Could you output every record below exactly, leaving out the pictures?

[Entries taken from a collection]

● ● ● ● ●

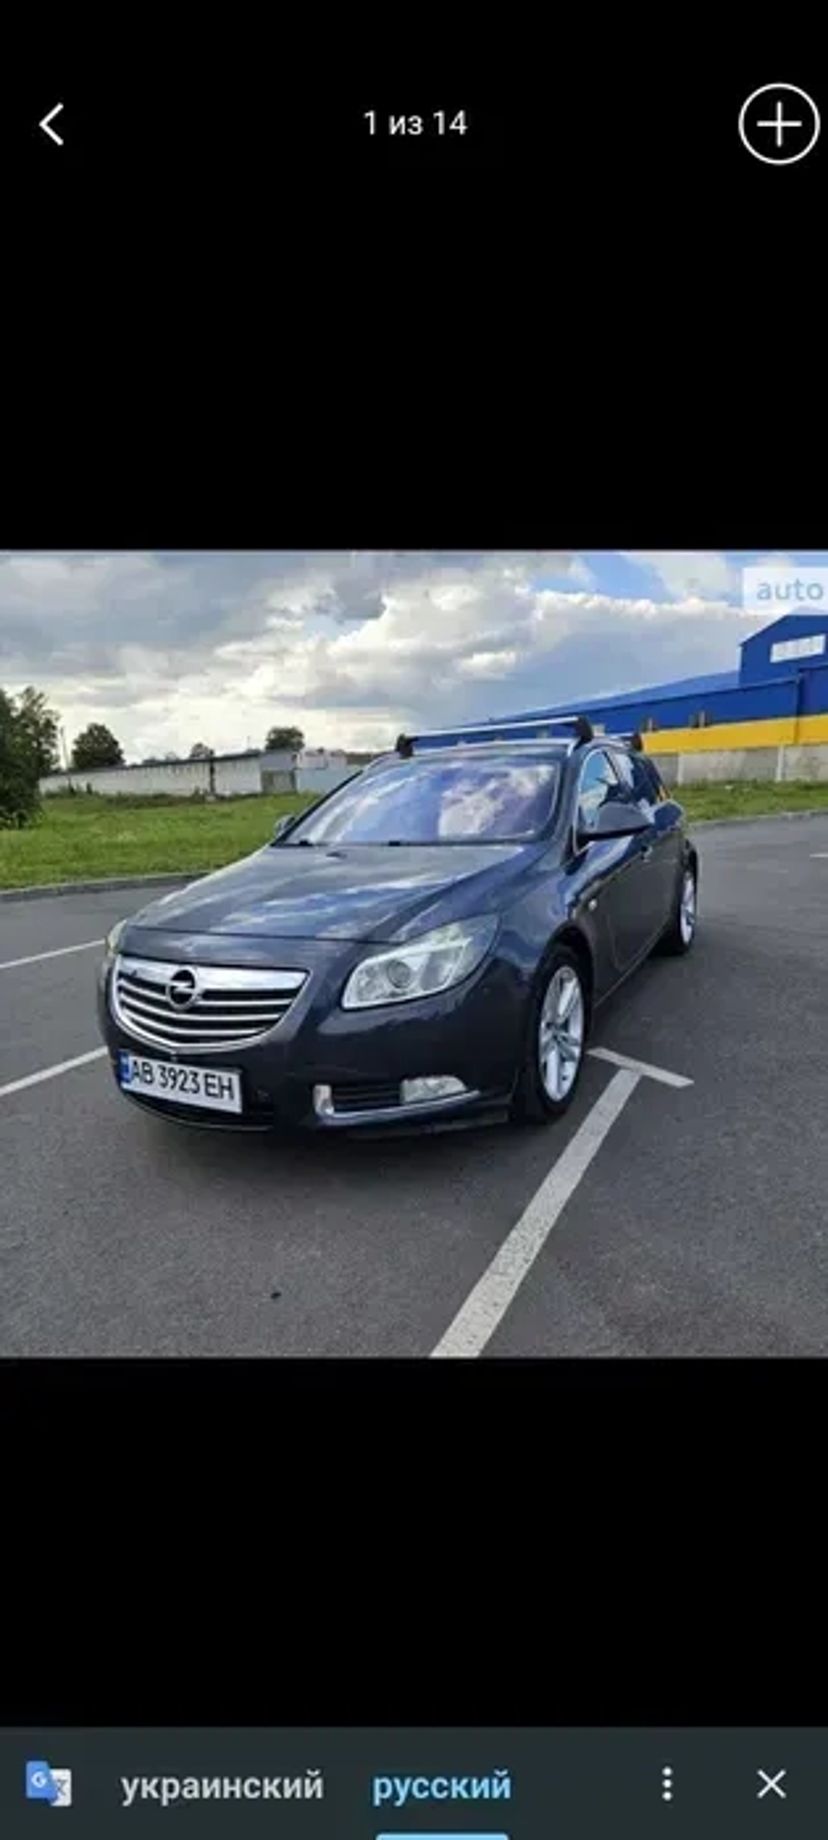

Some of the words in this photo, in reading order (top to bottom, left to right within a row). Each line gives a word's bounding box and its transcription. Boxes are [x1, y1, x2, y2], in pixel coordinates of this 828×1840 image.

[131, 1060, 155, 1085] AB
[158, 1064, 200, 1094] 3923
[204, 1072, 235, 1100] EH
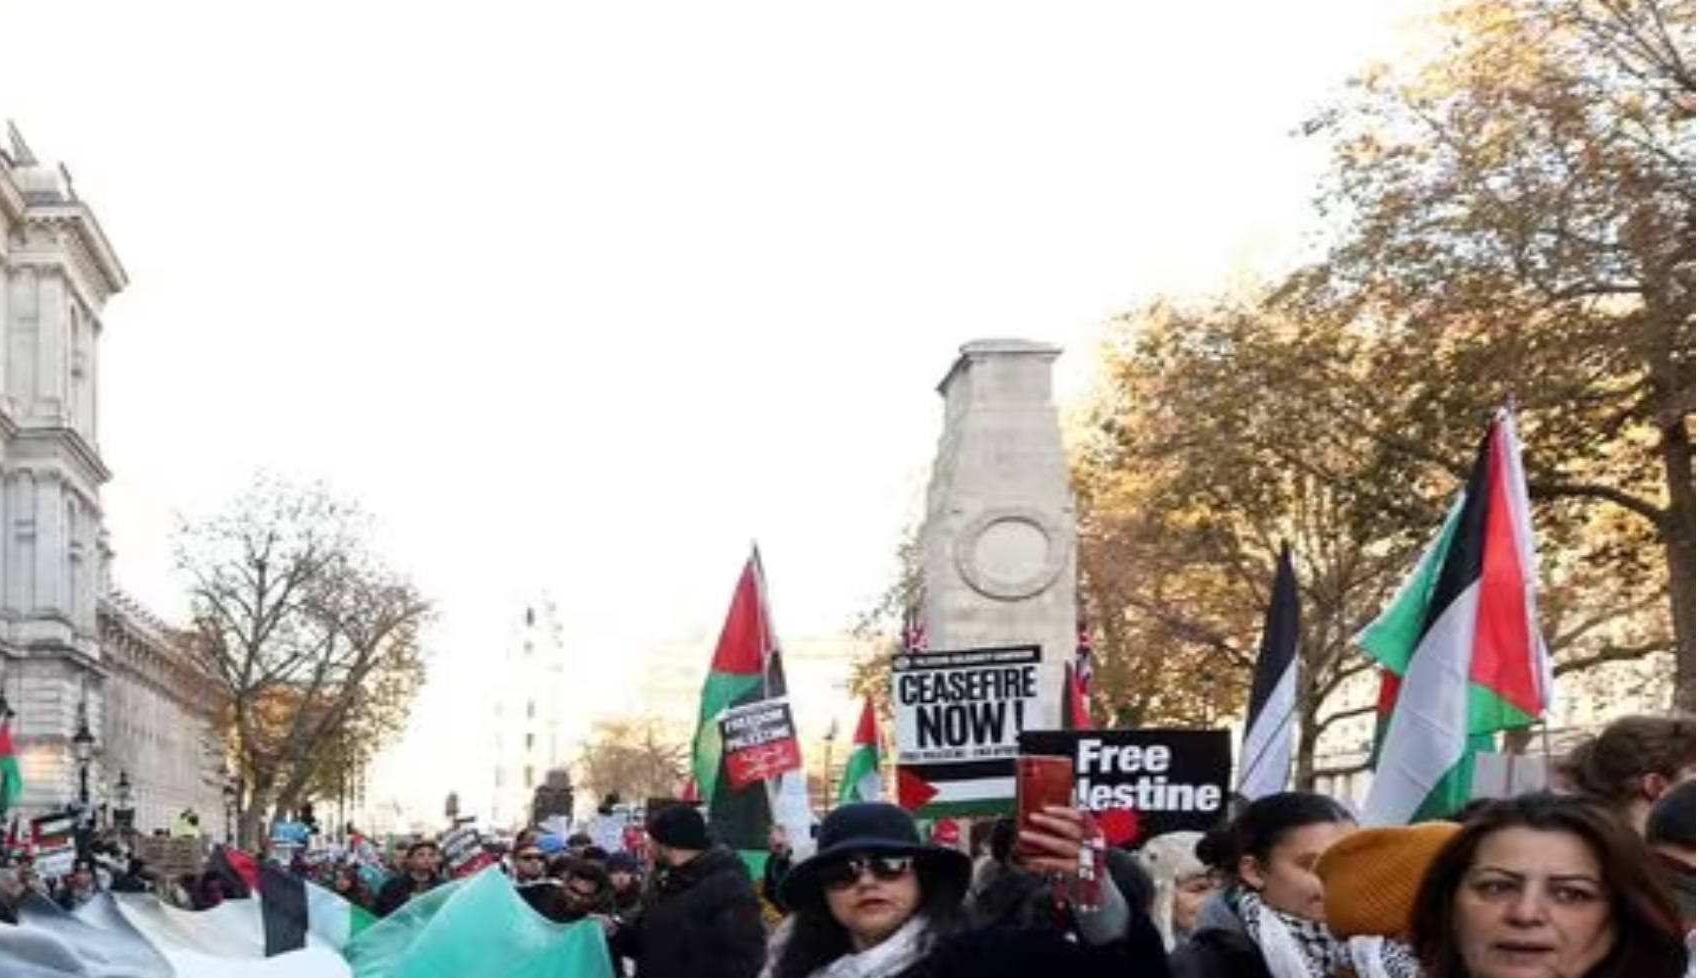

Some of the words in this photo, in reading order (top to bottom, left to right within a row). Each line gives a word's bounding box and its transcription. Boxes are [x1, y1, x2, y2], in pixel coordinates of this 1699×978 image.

[900, 666, 1037, 705] CEASEFIRE
[1078, 739, 1170, 774] Free
[1077, 776, 1221, 811] lestine

● ● ● ● ●

Solution for this problem |
Some of the words in this photo, in reading order (top to bottom, left to right within a row). Each line gives a word's bounding box and its transcription. Boxes are [x1, y1, x2, y2], in pixel coordinates of this 828×1840 image.

[131, 1060, 155, 1085] AB
[158, 1064, 200, 1094] 3923
[204, 1072, 235, 1100] EH

Some of the words in this photo, in reading order (top to bottom, left to right within a row). Each line gives a word's bounding box and its transcription. Boxes are [x1, y1, x2, y2], in pixel coordinates of this 1699×978 image.

[900, 666, 1037, 705] CEASEFIRE
[1078, 739, 1170, 774] Free
[1077, 776, 1221, 811] lestine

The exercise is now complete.